Alle halbe Jahre drückt jeder große Hersteller seine komplett neue Modellreihe in den bereits vollen Foto-Markt. Man erkennt es daran, dass alle Händler und die großen Handelsketten keine einzige Modellreihe auch nur ansatzweise vollständig vorweisen können. In den Regalen und Vitrinen mischen sich Jahre alte Kameras mit dem einen oder anderen nagelneuen Modell. Die Hersteller gehen den üblichen Weg. Sie sehen zu, oder müssen zulassen, dass ihre Kameras dem Preisverfall von Backwaren ausgesetzt sind: Brötchen oder Brot von gestern zum halben Preis? Doch das ist nicht selbstverständlich so, denn woran erkennt ein Kunde das ein bestimmtes Modell wirklich neu ist? Eigentlich nur dann, wenn ein bisher und wenig bekanntes Design auftaucht. Sonst sehen sich die Digitalkameras zum Verwechseln ähnlich, abgesehen von ein wenig Farbe und einigen Knöpfchen.

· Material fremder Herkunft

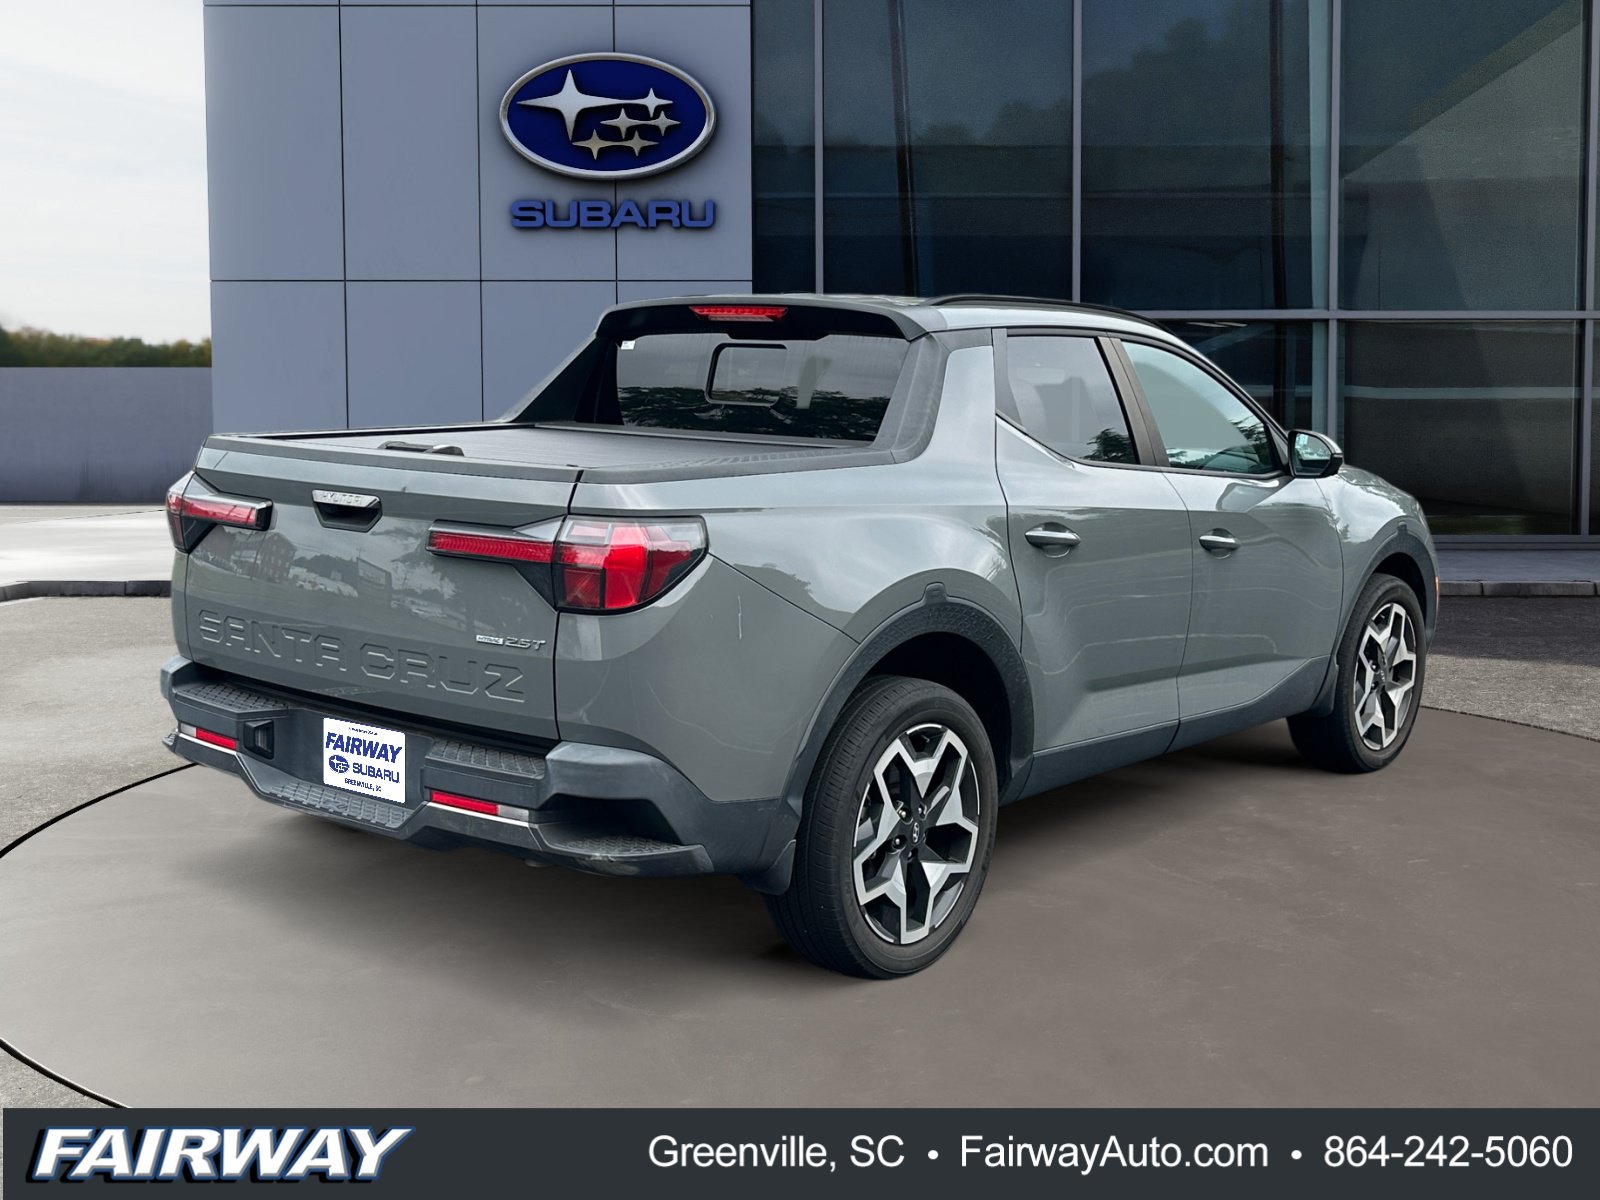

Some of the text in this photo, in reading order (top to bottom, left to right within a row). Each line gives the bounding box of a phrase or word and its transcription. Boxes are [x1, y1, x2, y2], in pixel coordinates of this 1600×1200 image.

Der Handel spielt bei der Preisentwicklung eine ganz große Rolle. Ein Beispiel: Vor kurzem war ich in einem großen Elektromarkt, einem der zwei gleichen Riesen. In den Regalen und Vitrinen standen Spiegelreflex-Kameras. Mal stand das ältere Modell im Regal, das eines anderen Herstellers, in der Vitrine. Die Firma Canon wurde angeboten mit der noch als neues Modell erhältlichen, älteren 350 D oder der neueren 400 D, die beide nicht mehr so „jung" sind. Denn die 450 D steht in den Startlöchern. Erstaunt war ich zu lesen, dass die 350 D deutlich teurer angeboten wurde als die 400 D. Ebenso verhielt es sich bei den Modellen von Olympus mit der E 400 und der E 410. Kurz: Wer im Laden dieser Geiz-Kette sich nicht bereits auskennt, wo was steht und mit den Modellen der Hersteller und Preisen und auf die Preisschilder sich verlassen möchte, verliert mehr als 50,00 € und bekommt eventuell das ältere Produkt zum höheren Preis in die Hände gedrückt. Hier geizt der Verkauf mit Markt-Transparenz. Bei den kompakten Digitalkameras ist das ebenso. Zwei Jahre alte Modelle wechseln mit neueren Kameras ab. Die Preise der älteren Kameras werden nicht gesenkt, weil die Hersteller keine Rückerstattungen übernehmen. Es bedeutet, kein Verkaufspreis kann zur Orientierung herhalten. Aber auch, dass die G7 oder die neuere G9 solch "merkwürdigen" Preise hat, lässt sich beobachten.

Doch zurück zum Ausgangspunkt. Es gibt Kameras am deutschen Markt, oder wird es geben, z.B. die nagelneue Fujifilm S100FS, deren Verkaufspreis offensichtlich schon sinkt, bevor die Kamera überhaupt ausgeliefert wird. Ein anderes Beispiel: Sigmas DSLR "SD14", vor einem Jahr auf den Markt gebracht und mit um 1199,- Euro im Handel, kostet heute ca. 580,- Euro.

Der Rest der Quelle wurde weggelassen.